▶ _ASSIGNMENT_: Images in the data are to be skipped, while every line is restated exactly as written.

(ENTRIES SHOWN)

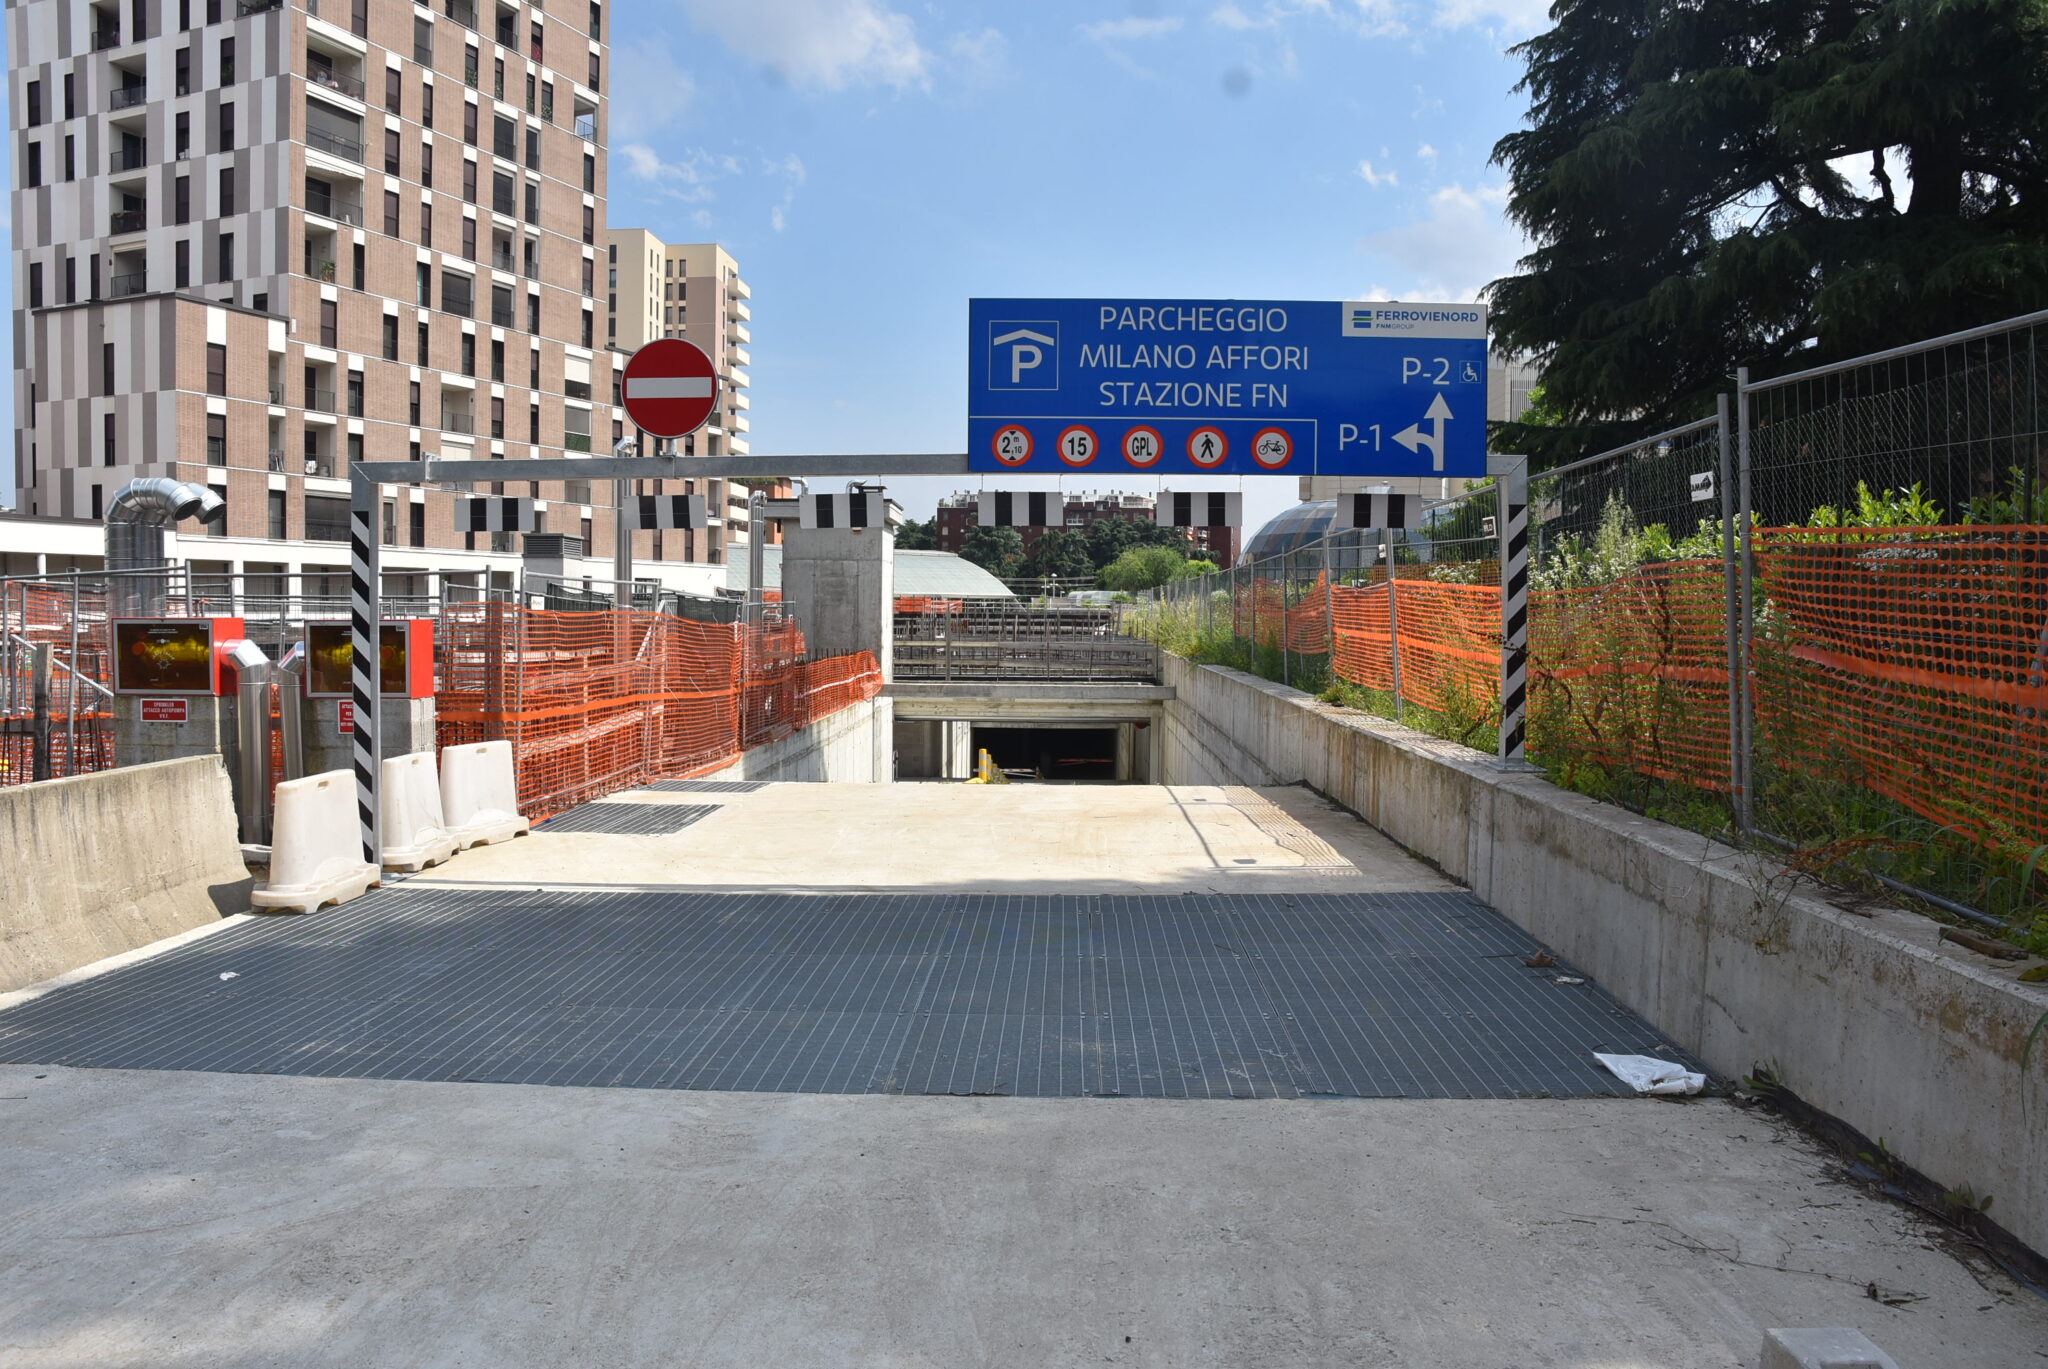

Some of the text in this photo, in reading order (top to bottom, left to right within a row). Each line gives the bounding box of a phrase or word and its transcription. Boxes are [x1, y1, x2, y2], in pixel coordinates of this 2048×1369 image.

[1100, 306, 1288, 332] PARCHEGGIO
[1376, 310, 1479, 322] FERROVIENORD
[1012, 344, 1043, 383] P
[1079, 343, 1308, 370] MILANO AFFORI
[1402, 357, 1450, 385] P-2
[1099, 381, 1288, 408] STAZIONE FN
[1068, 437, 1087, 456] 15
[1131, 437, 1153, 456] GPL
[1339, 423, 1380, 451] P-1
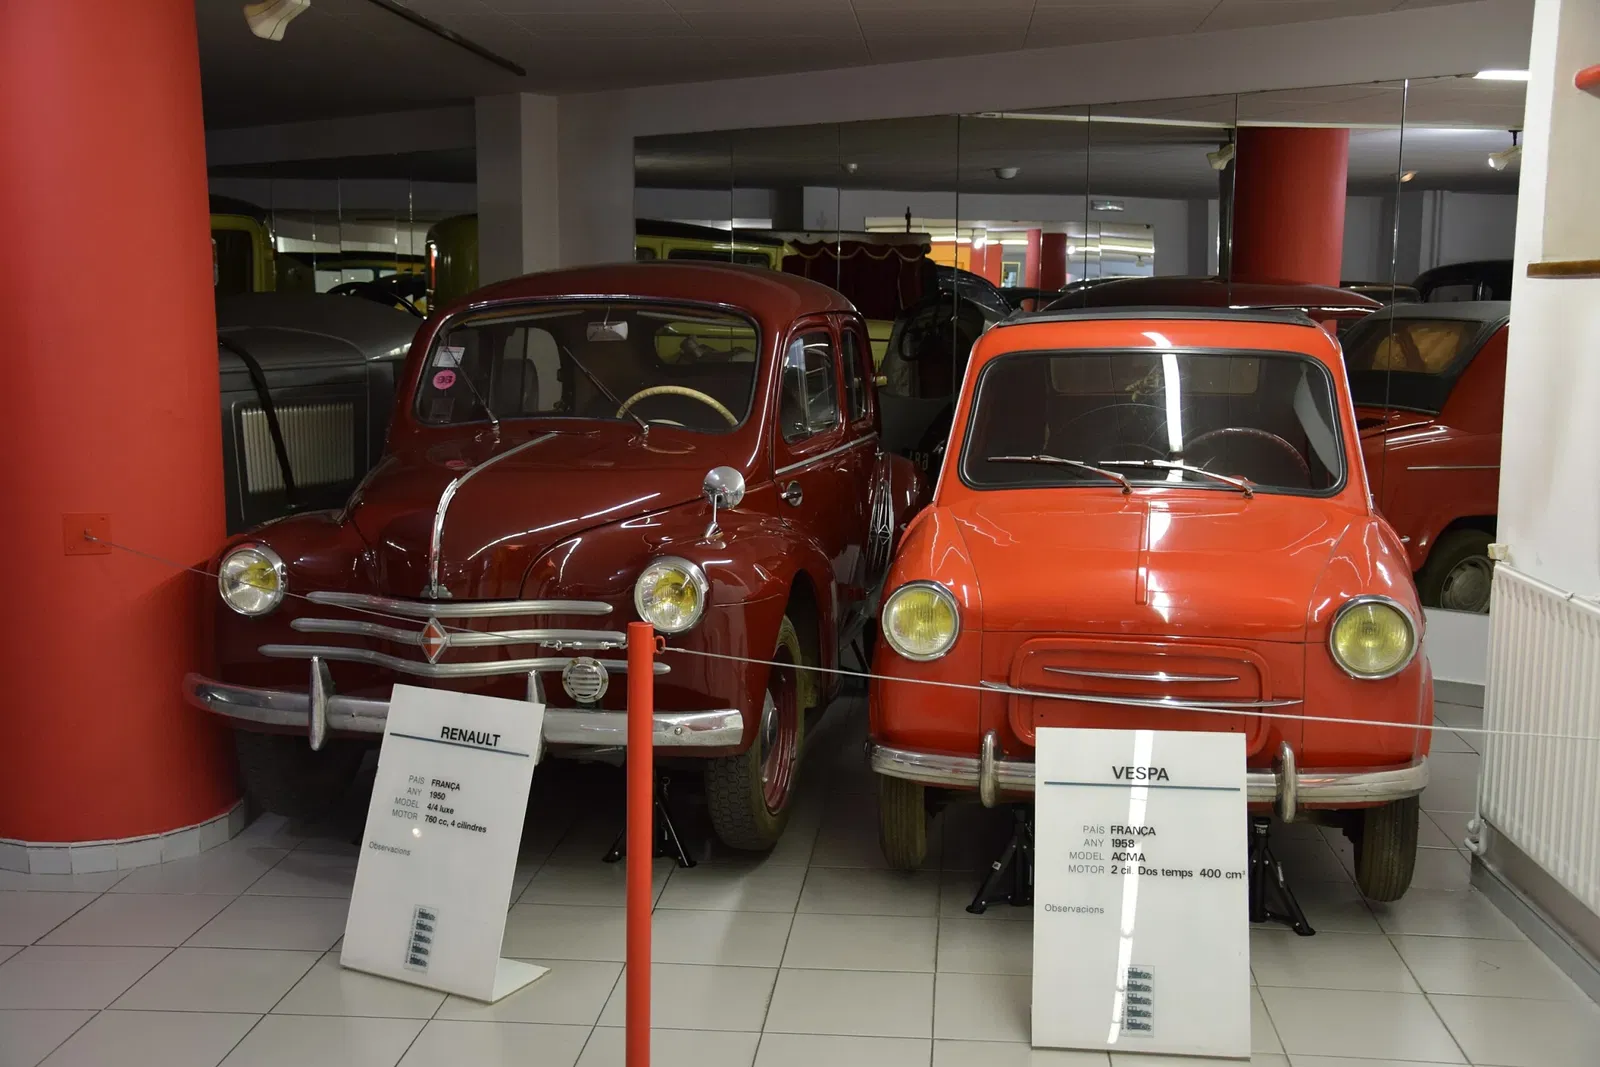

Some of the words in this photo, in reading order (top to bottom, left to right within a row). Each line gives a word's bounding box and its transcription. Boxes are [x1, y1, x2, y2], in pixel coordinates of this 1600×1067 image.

(End ENTRIES SHOWN)

▶ _RESULT_:
Some of the text in this photo, in reading order (top to bottom, left to right within a row). Each line gives the bounding box of a phrase or word and its transcription. Boxes are [x1, y1, x2, y2], in pixel coordinates of this 2048×1369 image.

[1100, 306, 1288, 332] PARCHEGGIO
[1376, 310, 1479, 322] FERROVIENORD
[1012, 344, 1043, 383] P
[1079, 343, 1308, 370] MILANO AFFORI
[1402, 357, 1450, 385] P-2
[1099, 381, 1288, 408] STAZIONE FN
[1068, 437, 1087, 456] 15
[1131, 437, 1153, 456] GPL
[1339, 423, 1380, 451] P-1

Some of the words in this photo, in reading order (top to bottom, left to right within a row). Each line gives a word's bounding box and its transcription. Boxes are [x1, y1, x2, y2], in pixel coordinates of this 1600×1067 image.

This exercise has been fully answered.